Originally Posted by *meemee* 
awww mama why do you see it as judging your parenting style.

why not think of it as love. as people being so protective of your toddler they evne take hte time to ask.

i think people find babies and toddlers irresistable.

for many that kind of comment is also an icebreaker. they want to talk to the mom and the cute kid, but how do you start a conversation.

I'm all for love, but asking something in a very obviously snotty manner is NOT love. Perhaps if they sounded somewhat polite, but the way they ask just isn't polite at all.


----------



## NettleTea (Aug 16, 2007)

Quote:


Originally Posted by *meemee* 
awww mama why do you see it as judging your parenting style.

why not think of it as love. as people being so protective of your toddler they evne take hte time to ask.

i think people find babies and toddlers irresistable.

for many that kind of comment is also an icebreaker. they want to talk to the mom and the cute kid, but how do you start a conversation.
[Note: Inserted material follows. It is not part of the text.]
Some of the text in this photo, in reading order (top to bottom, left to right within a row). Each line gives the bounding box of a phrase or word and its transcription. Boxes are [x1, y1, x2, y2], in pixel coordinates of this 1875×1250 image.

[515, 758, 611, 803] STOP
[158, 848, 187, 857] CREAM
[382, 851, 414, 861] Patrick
It might be different if they were asking in a kind, friendly manner rather than in a condescending tone. According to the OP, once they've got what they prodded for they pretty much just toss their head and walk off.


----------



## green betty (Jun 13, 2004)

I have been known to respond to this kind of thing with, "Seriously, none of your own business to mind? I can't imagine what that's like. Must be nice!"

I have little tolerance for pushy comments from strangers. If someone asks in a polite tone I'll answer politely (even if I'm annoyed), but if they're being pushy I'll push back and harder.
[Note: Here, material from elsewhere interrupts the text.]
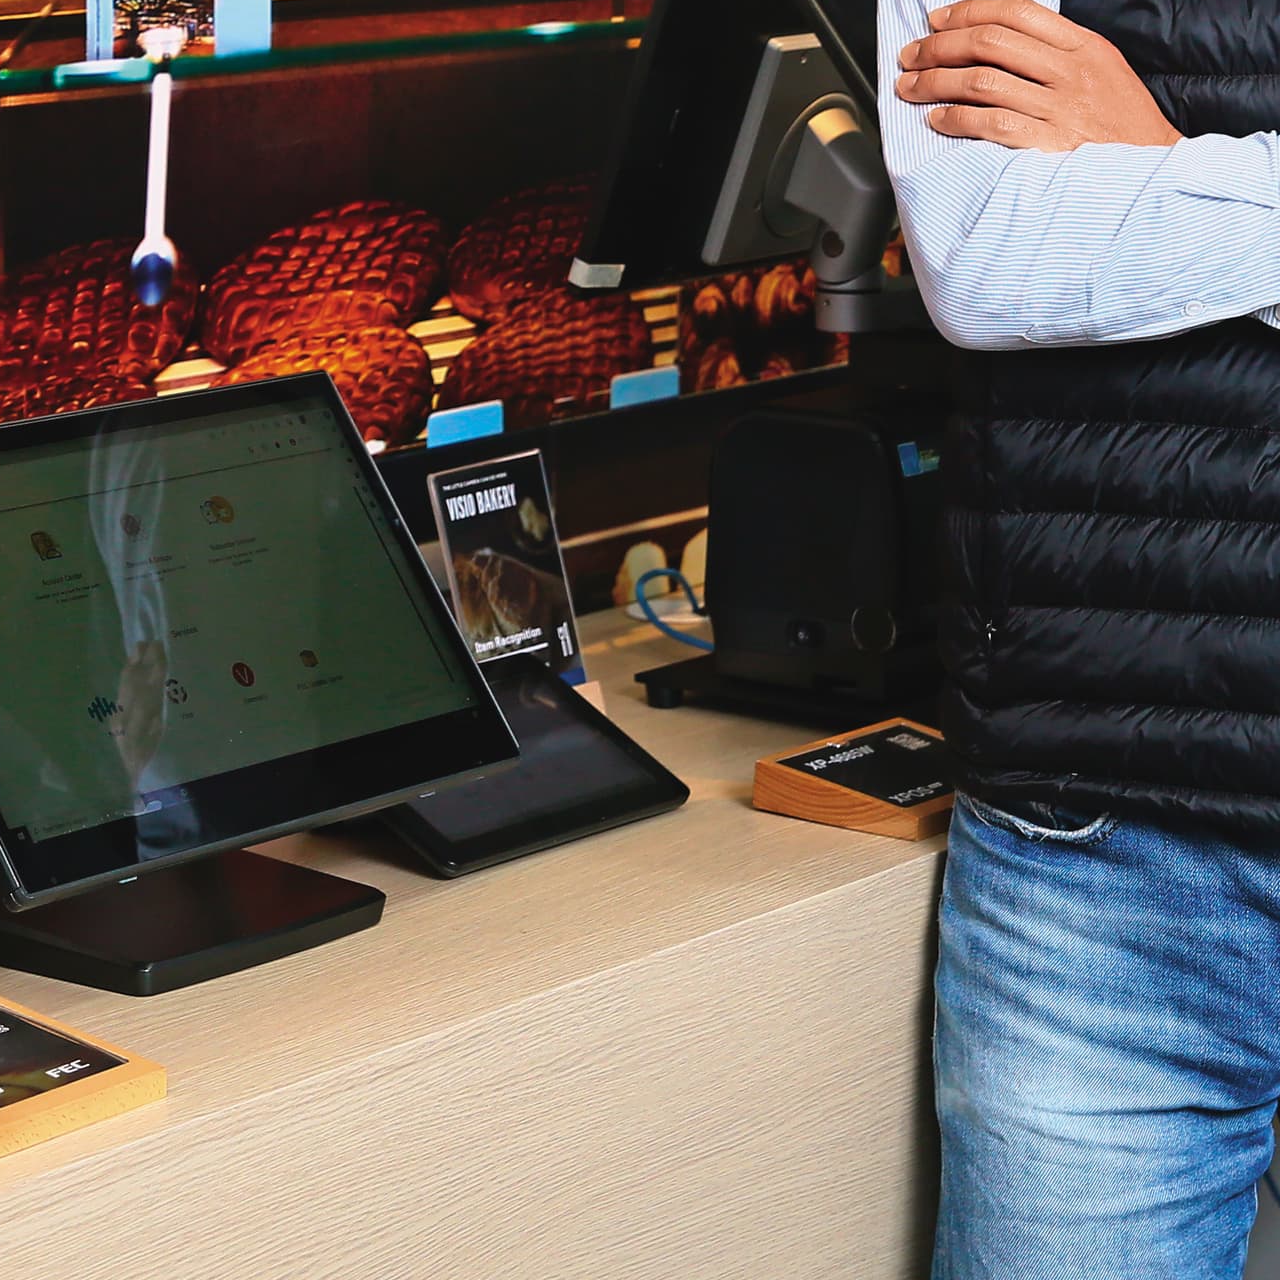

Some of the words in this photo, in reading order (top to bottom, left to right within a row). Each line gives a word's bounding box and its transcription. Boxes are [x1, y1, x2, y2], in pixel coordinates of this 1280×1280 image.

The tattoo comments bring back to mind an interaction I had after I got my last tattoo. A woman looked at me in absolute horror and said, "I hope that's not a _real_ tattoo." I looked right back at her and said, "I hope those aren't your real manners."


----------



## childsplay (Sep 4, 2007)

We've gotten the sunscreen question lot as well.
Along with the "uh oh, I think Mommy forgot your shoes" (directed at my barefoot toddlers/children)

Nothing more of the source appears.